Brave Marathoner With Brain Cancer, Known for Running in a Tutu, Dies

Monika Allen (right), running with her friend Tara Baize in 2013, has died of brain cancer. (Photo: Glamrunner.com)
Monika Allen (right), running with her friend Tara Baize in 2013, has died of brain cancer. (Photo: Glamrunner.com)

Monika Allen, a girls-empowerment advocate and long-distance runner of great courage, who ran a marathon while receiving chemo treatment for brain cancer, has died of the disease. She was 38 years old and leaves behind a husband, David, and an infant daughter.

“I’ll never be in remission, so I’m just living day to day,” Allen told Katie Couric about her inoperable brain tumor in 2014, on what was then the Yahoo anchor’s daytime talk show, Katie.

Allen, of San Diego, Calif., had been invited to the show to discuss a controversy with Self magazine, which had recently folded its print edition. The magazine had published a photo of Allen and her friend Tara Baize crossing the 2013 L.A. Marathon finish line wearing tutus — an image that captured an incredible moment for Allen.
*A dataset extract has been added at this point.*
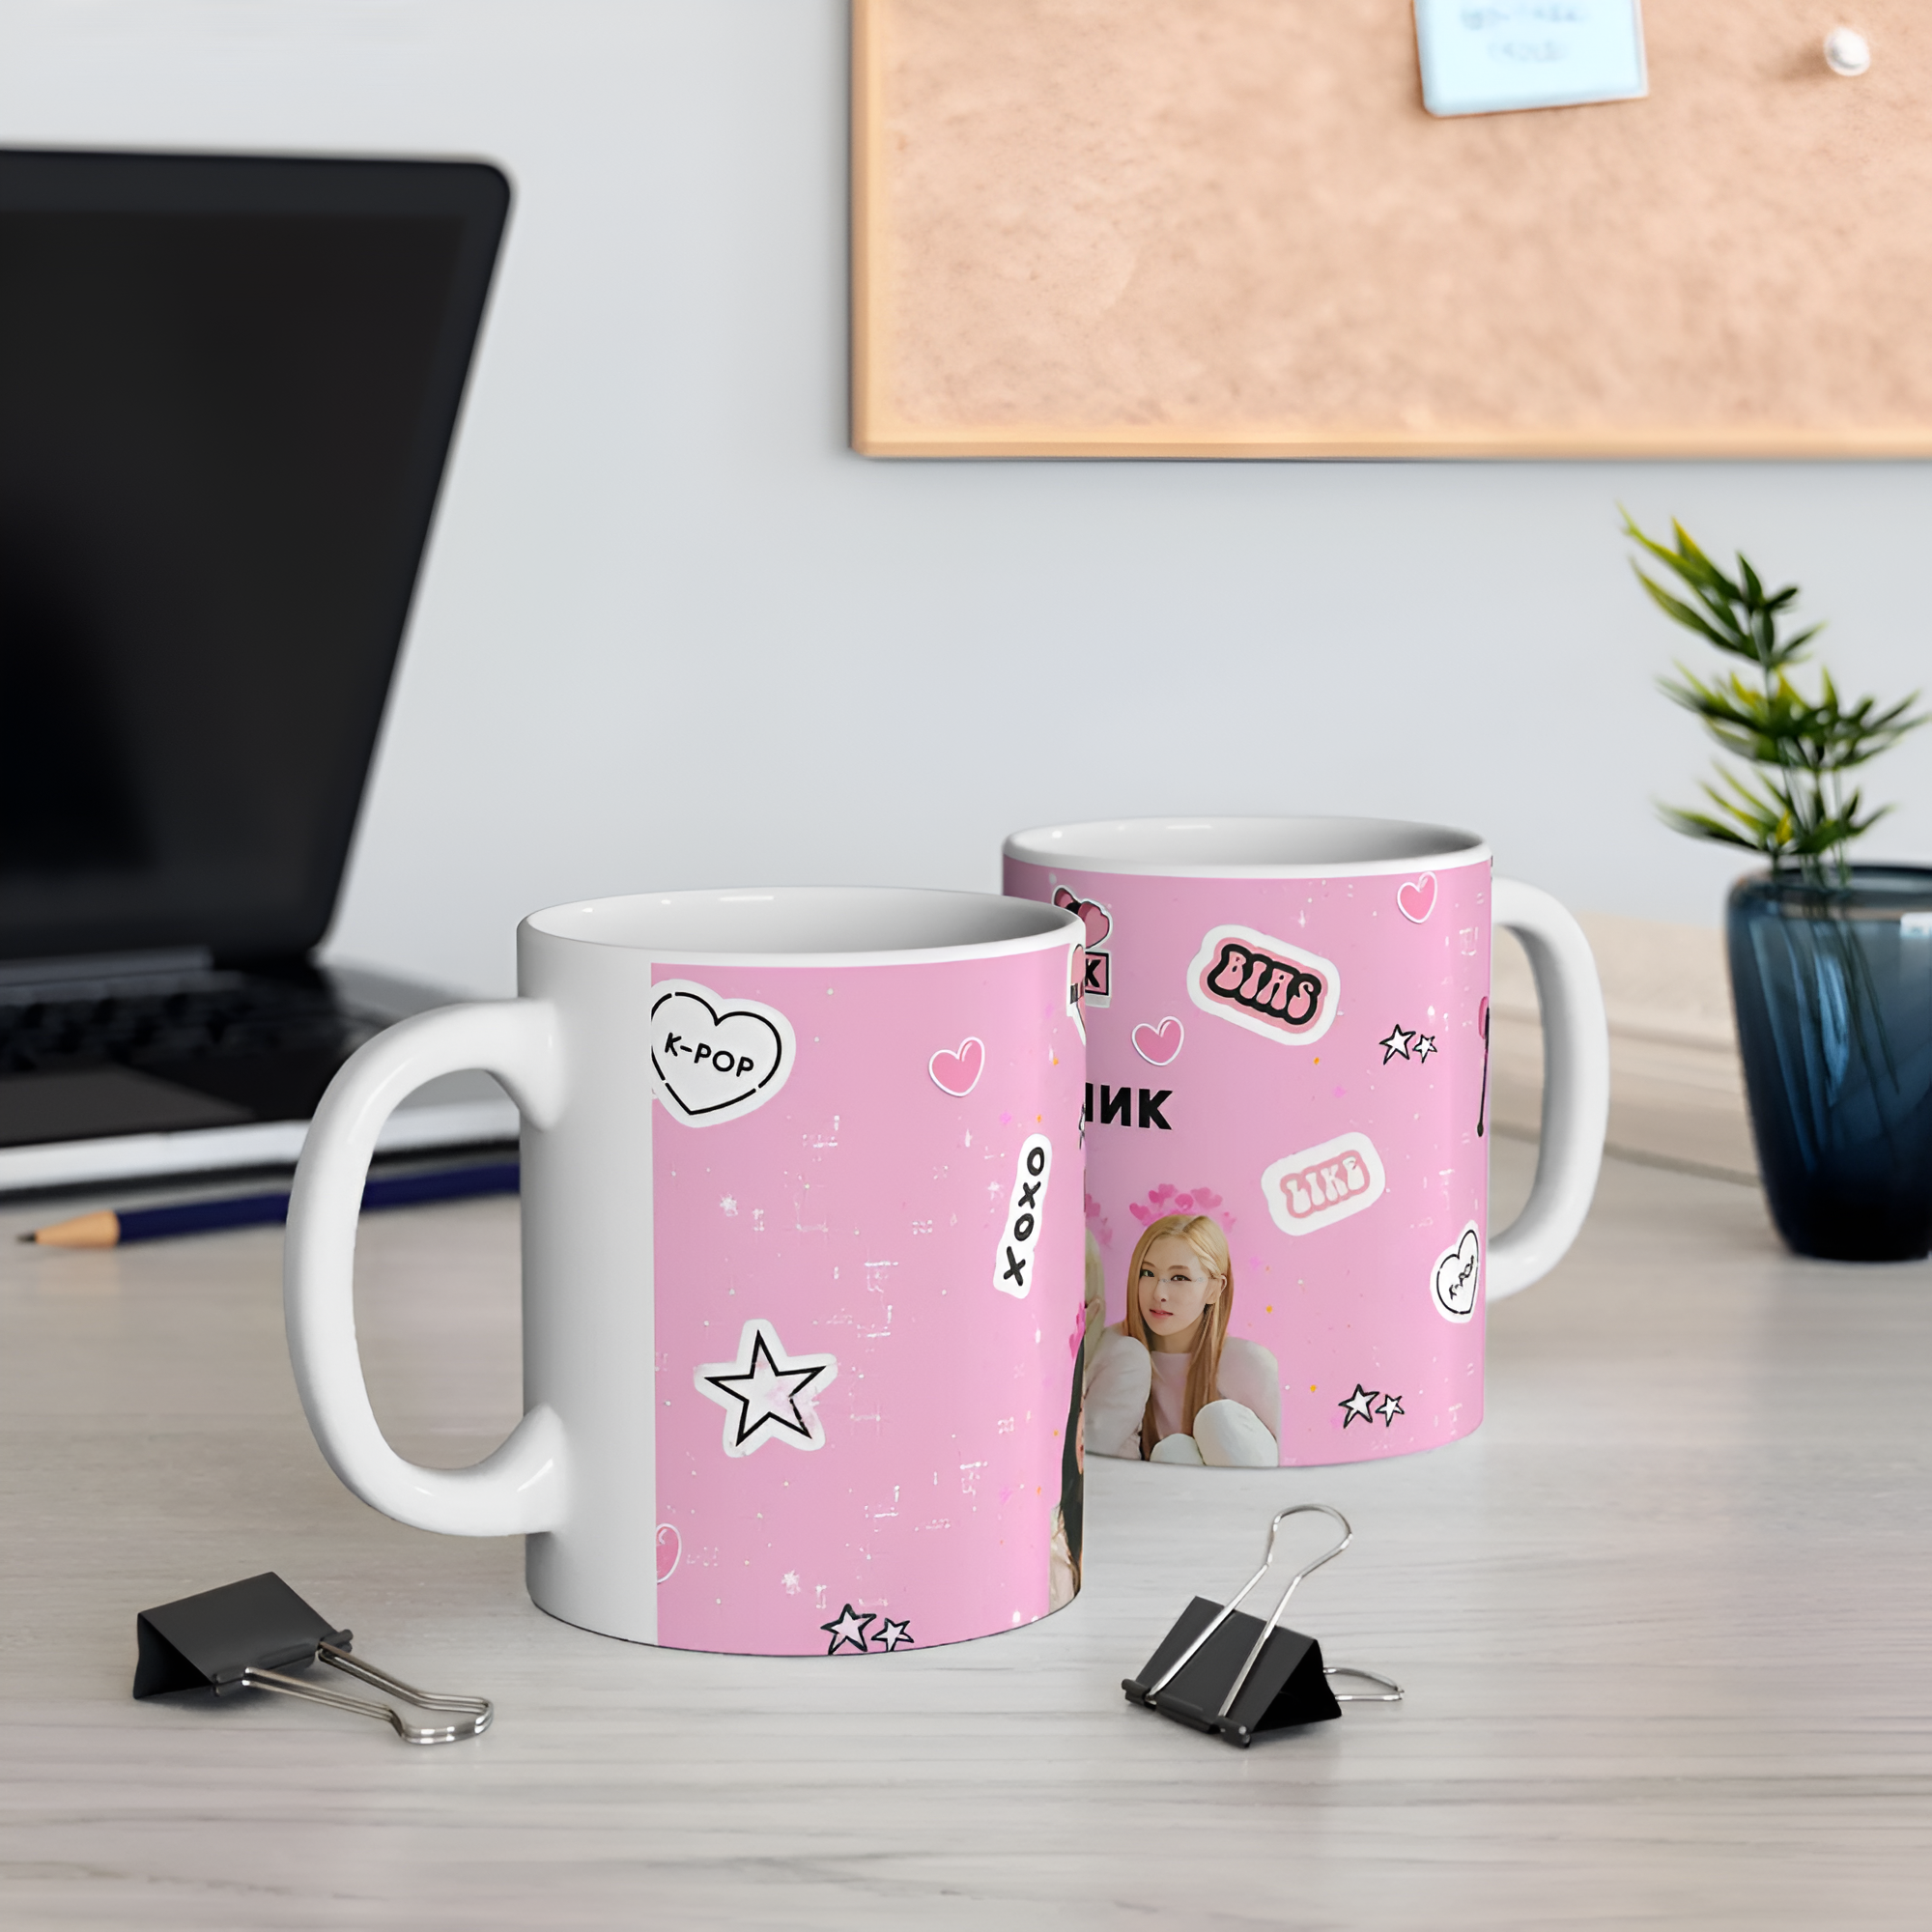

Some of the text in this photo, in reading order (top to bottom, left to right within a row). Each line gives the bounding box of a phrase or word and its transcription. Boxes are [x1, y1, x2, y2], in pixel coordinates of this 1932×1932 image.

[1211, 947, 1319, 1023] BIAS
[664, 1031, 755, 1078] K-POP
[1283, 1152, 1368, 1216] LIKE
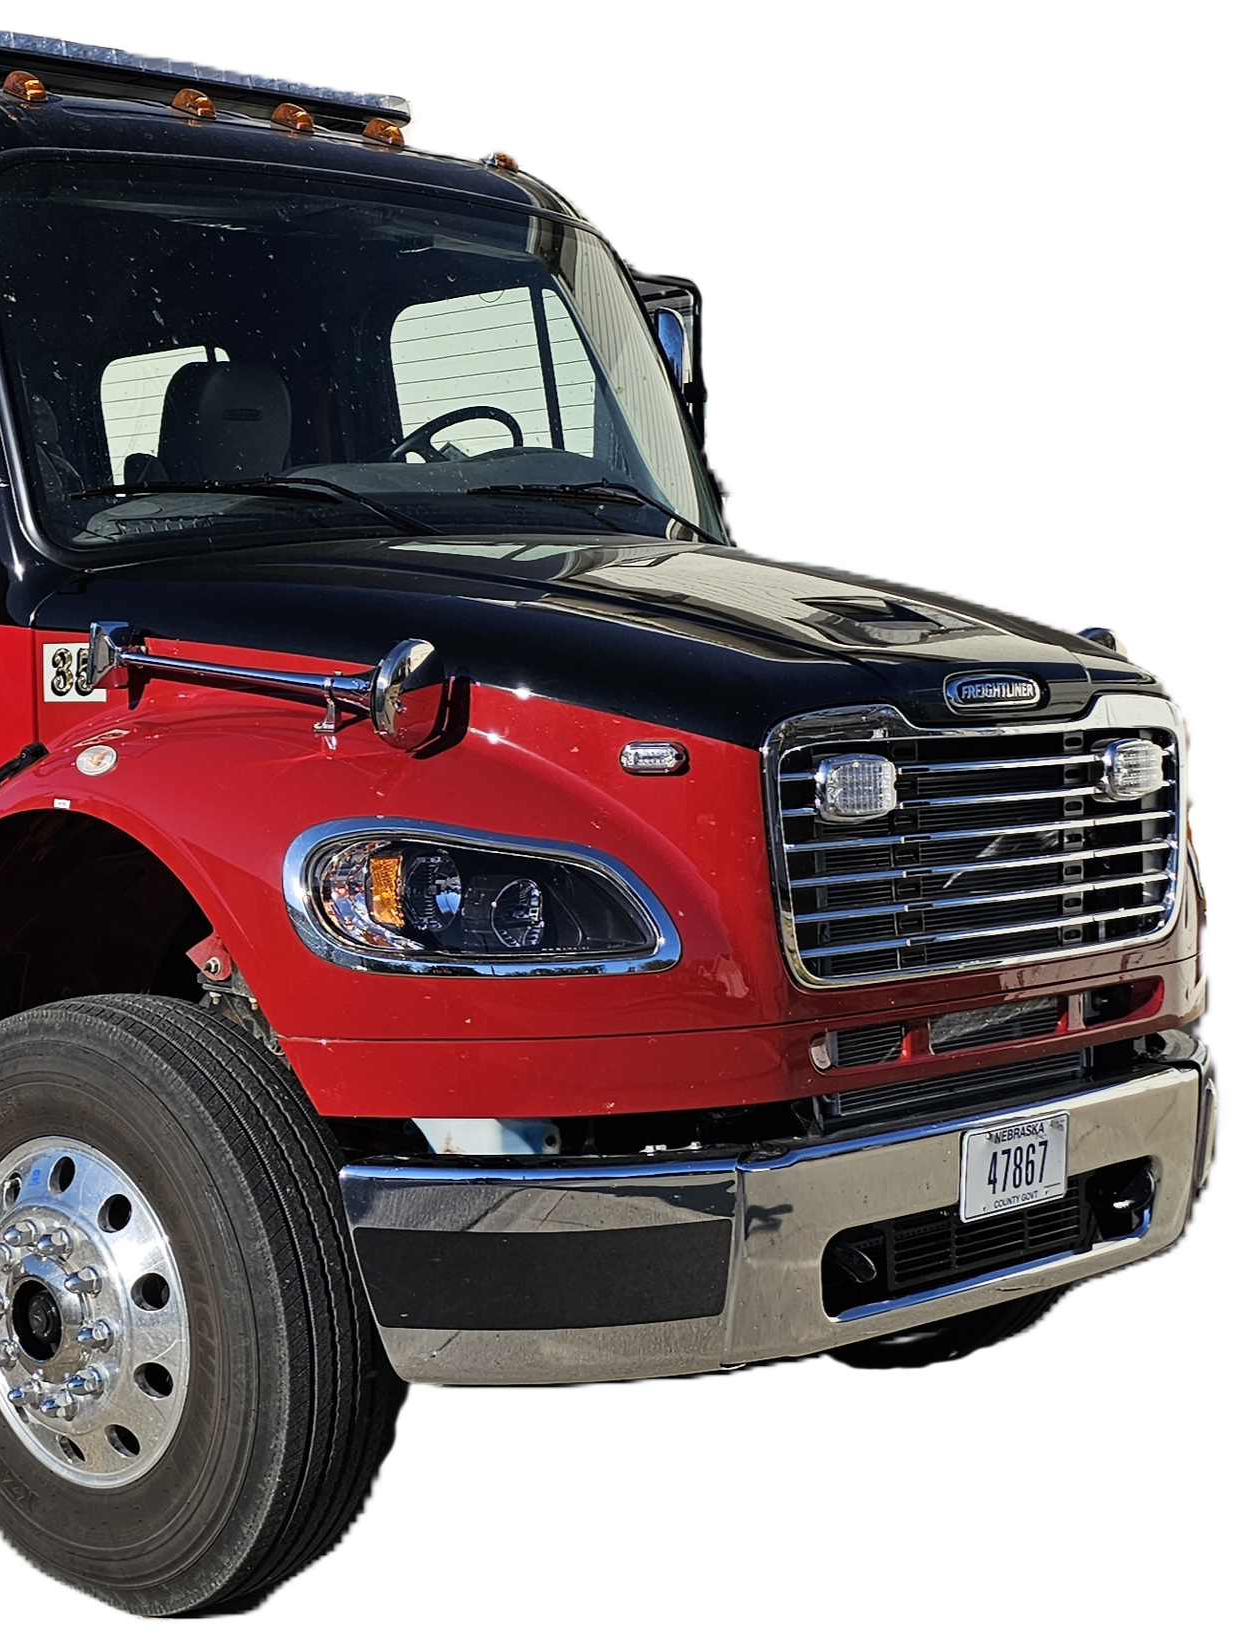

A marathoner who had been diagnosed with brain cancer in September 2012, she had just finished running the L.A. marathon, her first since the diagnosis, while undergoing chemotherapy treatment. “It was a hard race for me,” Allen told Couric.

Allen and Baize ran in tutus they had made as a symbol of hope and power — part of the project they started, Glam Runner, to raise money for the San Diego chapter of Girls on the Run, a national after-school running and empowerment program for girls. (The chapter has just set up the Monika Carlson Allen Courage Scholarship in her honor.)

But the Self editors didn’t know the backstory, unfortunately. In a now-defunct column called “BS Meter,” they snidely used the image as an example of what the editors called “a racing tutu epidemic” that they attributed to the fact that “people think these froufrou skirts make you run faster.”

When asked for the photo by Self, Allen had assumed it was going to be used “for something positive.” Instead, she wound up feeling “shocked and insulted,” she told Couric, who noted, “I think this whole snarky judgmental thing. … I think people should stand up and say, ‘Enough of that.’”

After the photo was published, Allen posted about it on Facebook, and from there, it spread like wildfire, upsetting her family, friends, and many Girls on the Run fans.

Lucy Danziger, the editor of Self at the time, was quick to issue an apology, discontinue the BS Meter page, and donate to Girls on the Run.

In addition, Baize told Runners World, in a story about Allen’s death, “People contacted us from all over the world, ordering tutus and telling Monika what an inspiration she was. Many cancer survivors were motivated to get out there and do their first race. We still get so many messages from people who never actually met her, saying that she was such a big influence on them.”

Allen told Couric she was relieved that something positive had come out of the whole debacle. “Women should be here to empower each other,” she said. “Men or women should be empowering each other, lifting each other up.”

The runner and activist did just that, leaving behind a legacy of love after carrying on with strength, by continuing to run races in the face of certain death. “It was her way of living life,” Baize said. “It made her feel alive.”